(Saved data entries)

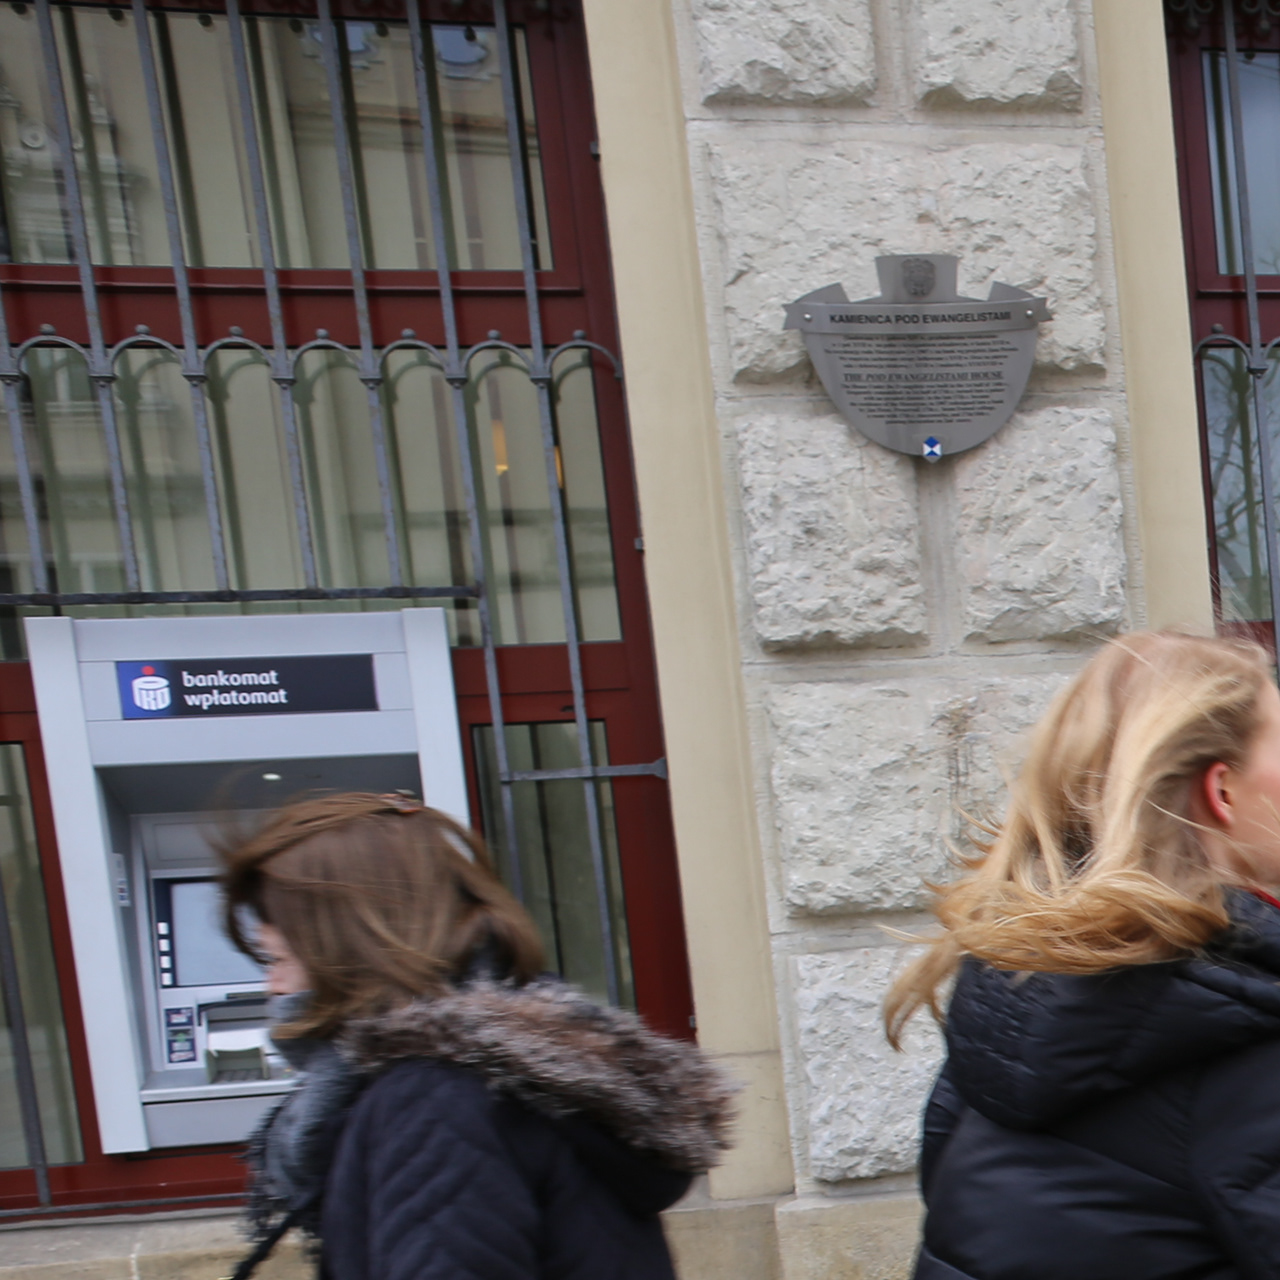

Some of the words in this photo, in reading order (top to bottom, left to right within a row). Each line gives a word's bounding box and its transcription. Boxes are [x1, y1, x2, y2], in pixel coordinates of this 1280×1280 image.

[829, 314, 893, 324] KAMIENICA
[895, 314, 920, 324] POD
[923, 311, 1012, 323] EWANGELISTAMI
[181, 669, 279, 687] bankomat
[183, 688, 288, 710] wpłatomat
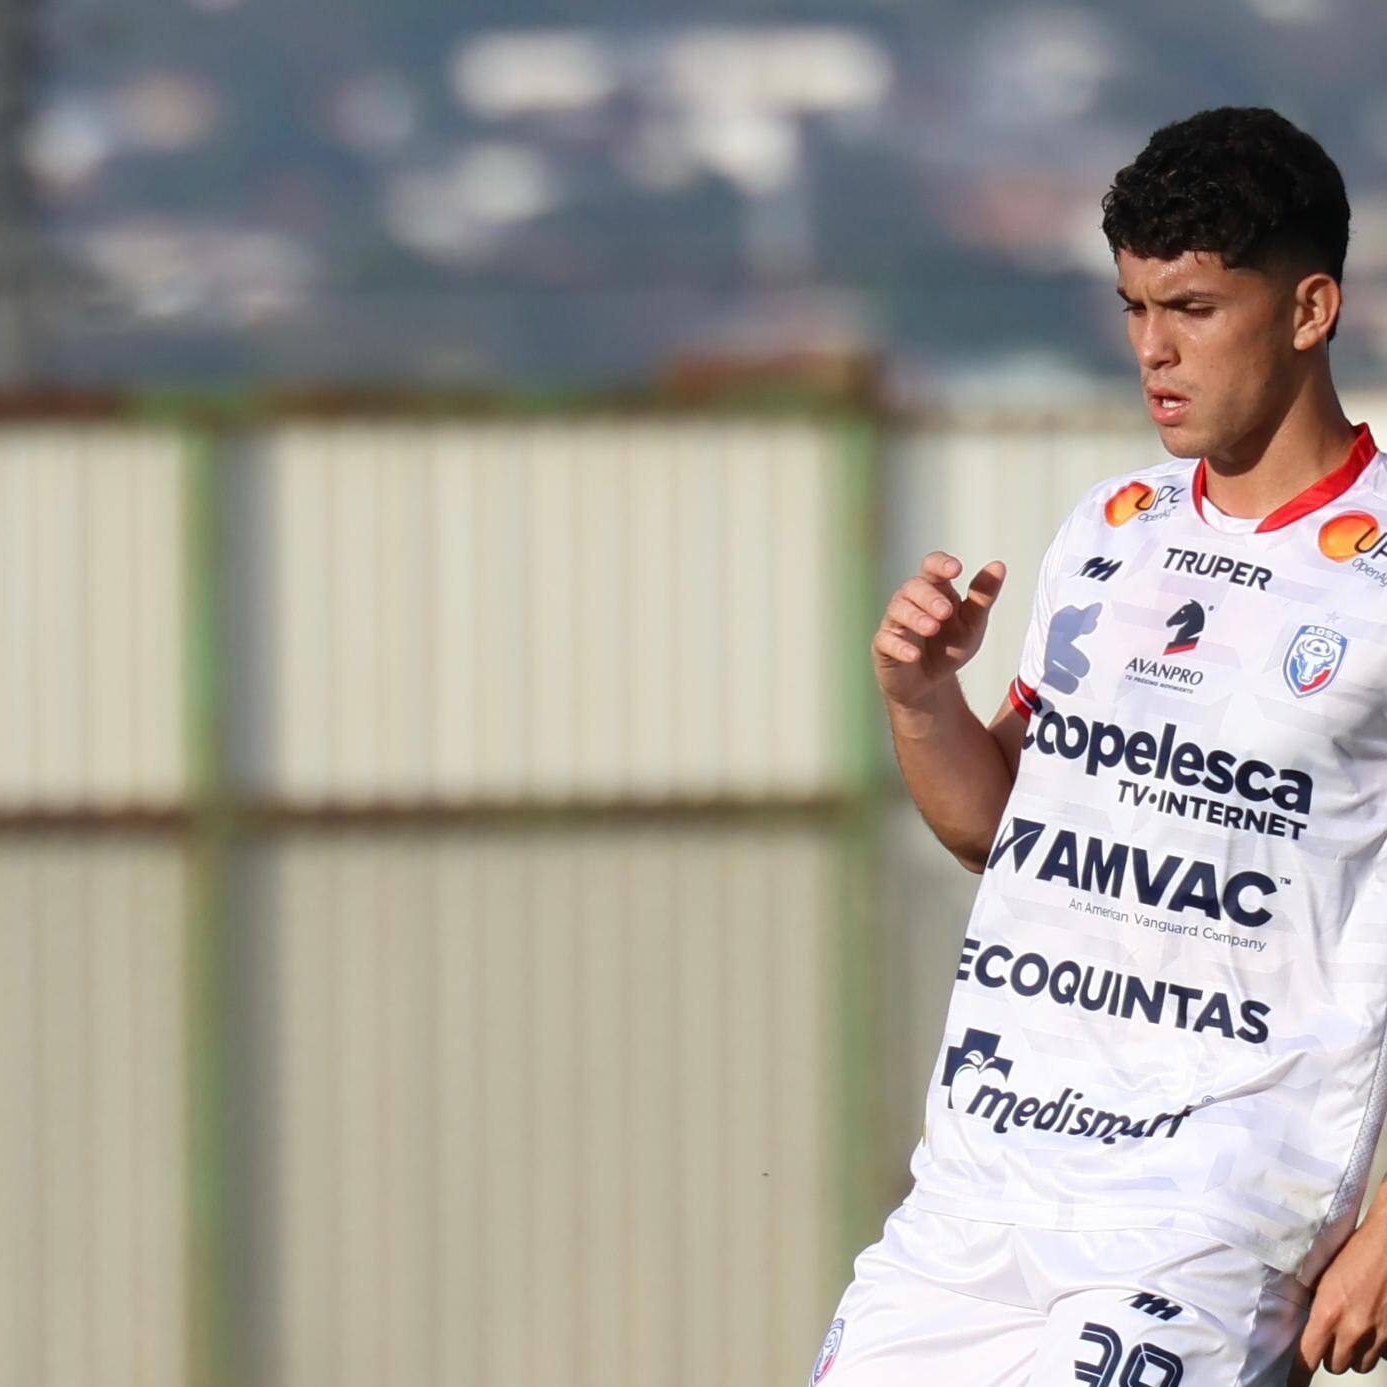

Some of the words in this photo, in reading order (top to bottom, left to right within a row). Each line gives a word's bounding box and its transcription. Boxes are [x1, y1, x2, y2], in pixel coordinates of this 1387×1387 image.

---

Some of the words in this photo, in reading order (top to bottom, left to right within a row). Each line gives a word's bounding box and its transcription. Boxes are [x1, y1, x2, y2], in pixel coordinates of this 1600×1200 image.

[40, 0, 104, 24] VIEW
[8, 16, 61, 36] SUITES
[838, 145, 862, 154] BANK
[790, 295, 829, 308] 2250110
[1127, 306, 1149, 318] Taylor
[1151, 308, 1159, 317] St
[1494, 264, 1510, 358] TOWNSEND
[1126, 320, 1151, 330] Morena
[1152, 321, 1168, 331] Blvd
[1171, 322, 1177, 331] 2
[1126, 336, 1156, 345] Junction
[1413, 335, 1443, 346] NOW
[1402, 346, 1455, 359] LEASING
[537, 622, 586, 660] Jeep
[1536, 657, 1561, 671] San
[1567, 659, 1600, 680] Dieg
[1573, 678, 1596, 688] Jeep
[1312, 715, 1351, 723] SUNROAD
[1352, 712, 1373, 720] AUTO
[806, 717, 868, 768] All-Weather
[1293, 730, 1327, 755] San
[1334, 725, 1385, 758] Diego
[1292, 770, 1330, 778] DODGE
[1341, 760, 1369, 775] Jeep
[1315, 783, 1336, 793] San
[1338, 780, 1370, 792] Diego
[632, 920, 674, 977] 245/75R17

* Aim of the exercise *
Give the lines above again exactly, from the one containing "this 1280×1280 image." to the one containing "this 1387×1387 image.", both included, but leave out the pictures.

* Task solution *
Some of the words in this photo, in reading order (top to bottom, left to right within a row). Each line gives a word's bounding box and its transcription. Boxes are [x1, y1, x2, y2], in pixel coordinates of this 1280×1280 image.

[829, 314, 893, 324] KAMIENICA
[895, 314, 920, 324] POD
[923, 311, 1012, 323] EWANGELISTAMI
[181, 669, 279, 687] bankomat
[183, 688, 288, 710] wpłatomat

Some of the words in this photo, in reading order (top to bottom, left to right within a row). Each line gives a word's bounding box and its transcription. Boxes are [x1, y1, x2, y2], in pixel coordinates of this 1387×1387 image.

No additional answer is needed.